[OpenAFS] Clients are blocked with error code -3 of RXAFSCB_ProbeUuid

Benjamin Kaduk kaduk@mit.edu
Mon, 27 Apr 2020 15:29:58 -0700


On Mon, Apr 27, 2020 at 09:16:14AM +0800, huangql wrote:
> Hello All,
> 
> 
> We found some clients blocked. And no more operations are available under /afs instance like “cd”"ls", all of which are blocked.
> 
> We can see some log message on server side to know the error code -3
> 
> 
> Mon Apr 27 08:00:34 2020 CheckHost_r: Probing all interfaces of host 192.168.63.194:7001 failed, code -3
> Mon Apr 27 08:07:37 2020 CheckHost_r: Probing all interfaces of host 192.168.63.219:7001 failed, code -3
> 
> It failed to restart afs service to resume the /afs excepting restarting the client nodes.
> 
> Does someone have the similar cases? Any suggestions would be appreciated.

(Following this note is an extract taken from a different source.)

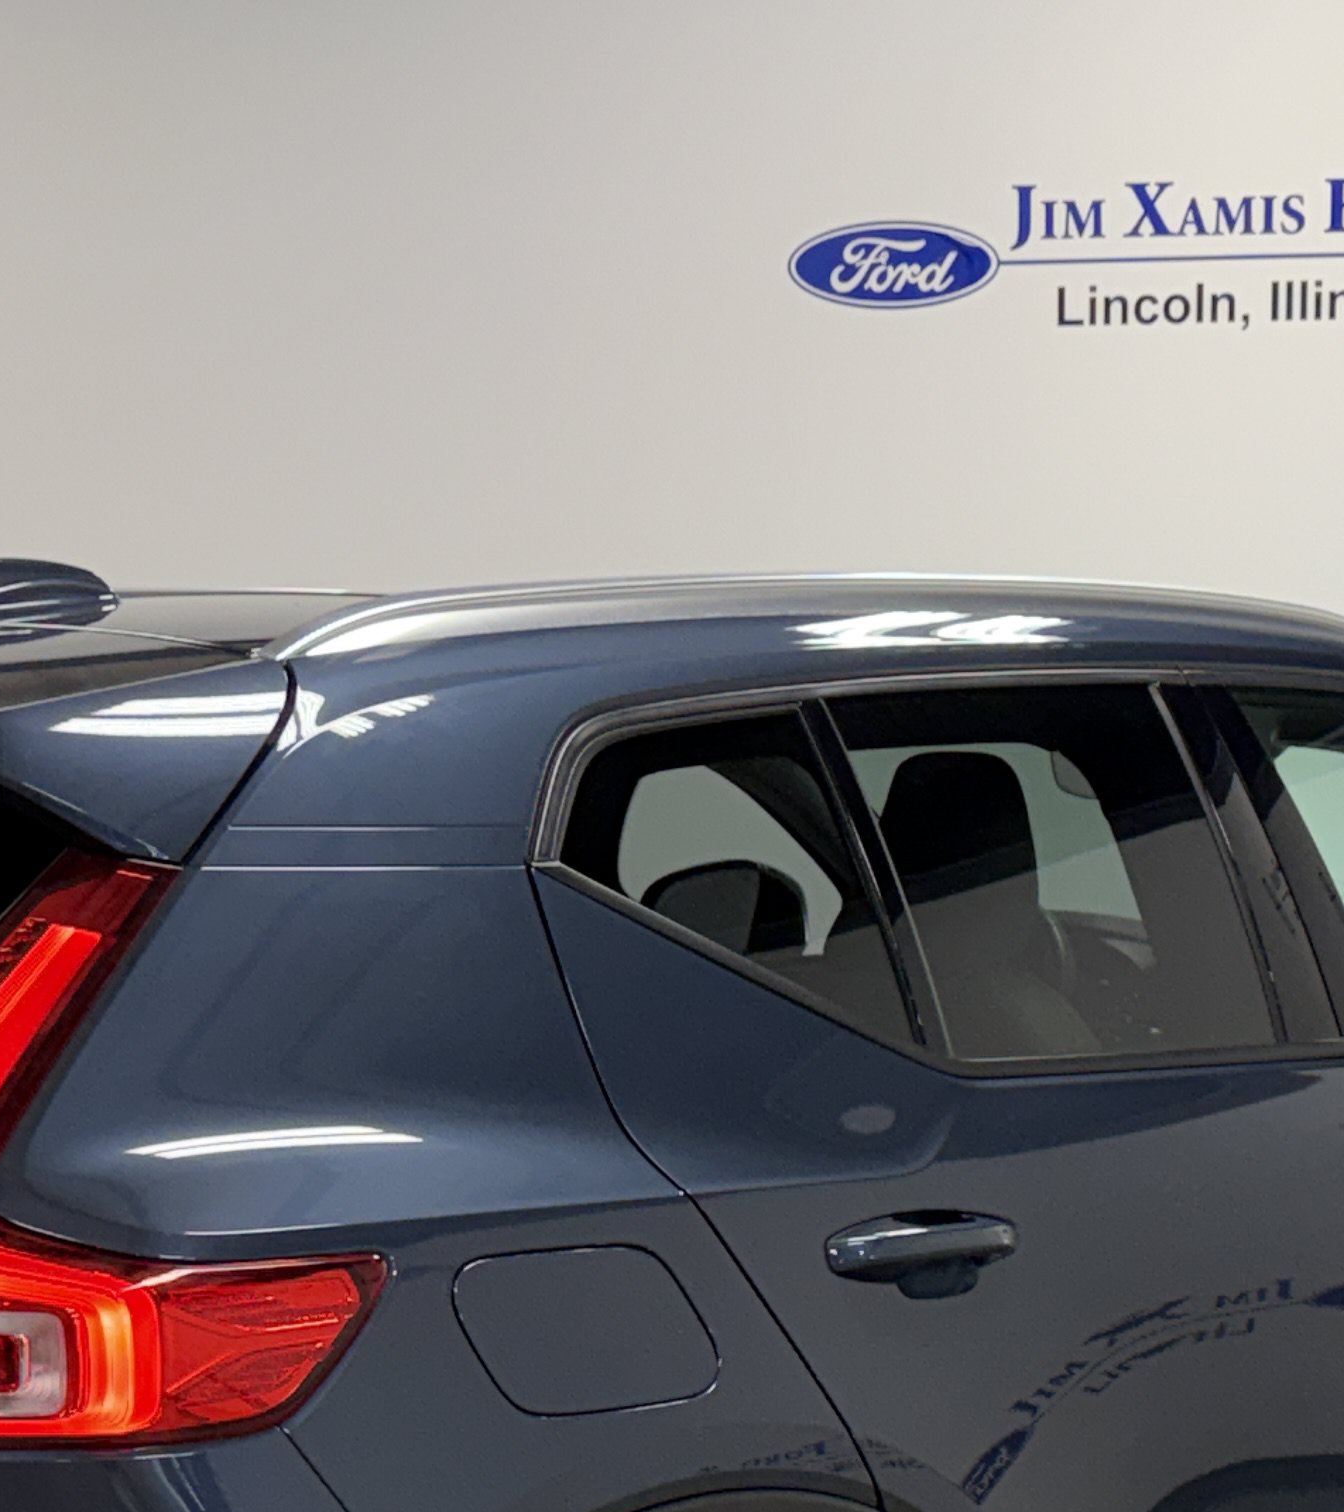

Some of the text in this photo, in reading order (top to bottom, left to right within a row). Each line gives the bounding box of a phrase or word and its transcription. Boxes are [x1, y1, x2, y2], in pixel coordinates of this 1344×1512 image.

[1010, 184, 1106, 251] JIM
[1123, 180, 1307, 239] XAMIS
[829, 236, 958, 294] Ford
[1057, 282, 1251, 332] Lincoln,

Thanks.

That's an interesting error code to be seeing;
https://www.central.org/pages/numbers/errors.html shows -3 as
RX_CALL_TIMEOUT, which does not seem to match your description of the
issue.  A brief glance at the code indicates that we can also generate this
error locally if our clock is moving backwards a lot.

I don't expect the above to be helpful, and don't recall any similar cases,
but figured it is better to reply with what little I know than to leave
your message with no reply.

-Ben